Primeira vez
Entre Suor e Segredos
O apito final ainda ecoava nos ouvidos de Ana como um trovão distante. O estádio estava em polvorosa; as luzes dos refletores cortavam a névoa da noite, iluminando o gramado onde os jogadores do time de futebol comemoravam mais uma vitória esmagadora. Como capitã das líderes de torcida, Ana deveria estar no centro do campo, liderando a última rotina de celebração, mas seus olhos estavam fixos em apenas um homem: HAVY.
Ele era o herói da noite, o capitão que havia carregado o time nas costas até o último touchdown.
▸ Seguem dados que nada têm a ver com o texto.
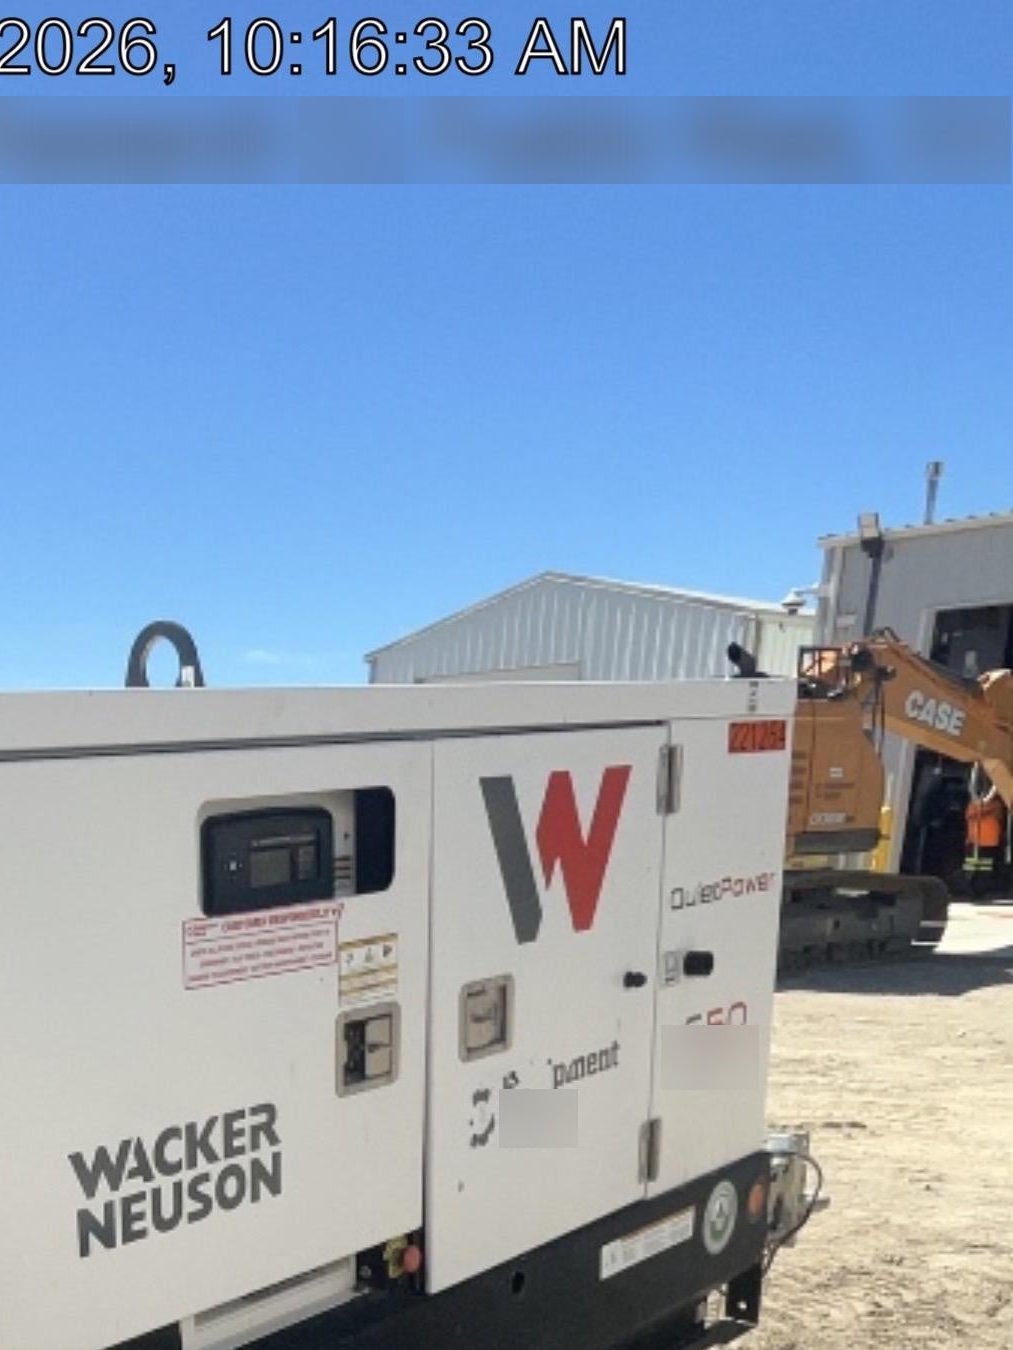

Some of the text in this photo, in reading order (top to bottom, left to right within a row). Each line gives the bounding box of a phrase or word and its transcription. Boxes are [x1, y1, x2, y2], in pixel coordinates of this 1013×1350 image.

[905, 689, 967, 737] CASE
[68, 1102, 282, 1200] WACKER
[76, 1151, 282, 1259] NEUSON
Enquanto a multidão gritava seu nome, ele se afastou do grupo por um breve momento, cruzando o olhar com o dela. Não foi um olhar de triunfo esportivo, mas algo mais denso, carregado com a memória da noite que passaram juntos. Com um gesto sutil de cabeça, ele sinalizou para o corredor que levava aos vestiários e, antes que ela pudesse processar, ele articulou silenciosamente: "Vestiário. Agora."
Ana sentiu um frio na barriga que nenhuma acrobacia jamais lhe causara. Ela entregou seus pompons para uma das colegas, murmurando uma desculpa sobre precisar retocar a maquiagem, e deslizou por entre a multidão. O caminho até os vestiários masculinos era território proibido para a maioria, mas para a capitã da torcida, ninguém ousava questionar sua presença.
O corredor estava silencioso, em contraste absoluto com o caos do estádio lá fora. O cheiro de borracha, grama úmida e o forte aroma de spray de limpeza preenchiam o ar. Ela empurrou a porta pesada do vestiário, que rangeu levemente. O lugar estava vazio, exceto por uma figura sentada em um dos bancos de madeira ao fundo.
HAVY ainda estava com o uniforme completo, mas o capacete estava jogado no chão ao lado de suas chuteiras. Suas mãos estavam apoiadas nos joelhos, a respiração ainda pesada pelo esforço físico. Quando ouviu a porta fechar, ele levantou a cabeça. O suor escorria por suas têmporas, e a tinta preta sob seus olhos o deixava com um aspecto selvagem, quase predatório.
— Você veio — disse ele, a voz rouca ecoando nos azulejos brancos.
— Você mandou — respondeu Ana, aproximando-se lentamente. — O que foi, capitão? A vitória não foi o suficiente para o seu ego hoje?
HAVY soltou uma risada seca e se levantou. Ele parecia ainda maior naquele espaço fechado, a armadura do uniforme de futebol aumentando sua silhueta.
— A vitória é apenas o que eu entrego para a escola — disse ele, dando um passo em direção a ela. — Mas eu precisava de algo para mim. Algo que me fizesse sentir que o jogo realmente acabou.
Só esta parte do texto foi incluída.